> **ABOUT THIS EXERCISE**:
Reproduce the data exactly; no word may be added or dropped.

> **DATA PROVIDED**:
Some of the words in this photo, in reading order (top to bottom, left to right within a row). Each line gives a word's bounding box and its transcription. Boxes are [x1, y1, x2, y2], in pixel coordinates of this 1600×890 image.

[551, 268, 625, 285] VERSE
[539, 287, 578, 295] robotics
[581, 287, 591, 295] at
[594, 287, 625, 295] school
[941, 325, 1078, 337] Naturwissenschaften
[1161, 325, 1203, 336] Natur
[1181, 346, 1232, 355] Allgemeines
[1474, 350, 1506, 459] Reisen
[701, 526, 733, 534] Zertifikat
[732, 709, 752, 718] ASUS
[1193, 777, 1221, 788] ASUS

> **ANSWER FOR THIS EXERCISE**:
Some of the words in this photo, in reading order (top to bottom, left to right within a row). Each line gives a word's bounding box and its transcription. Boxes are [x1, y1, x2, y2], in pixel coordinates of this 1600×890 image.

[551, 268, 625, 285] VERSE
[539, 287, 578, 295] robotics
[581, 287, 591, 295] at
[594, 287, 625, 295] school
[941, 325, 1078, 337] Naturwissenschaften
[1161, 325, 1203, 336] Natur
[1181, 346, 1232, 355] Allgemeines
[1474, 350, 1506, 459] Reisen
[701, 526, 733, 534] Zertifikat
[732, 709, 752, 718] ASUS
[1193, 777, 1221, 788] ASUS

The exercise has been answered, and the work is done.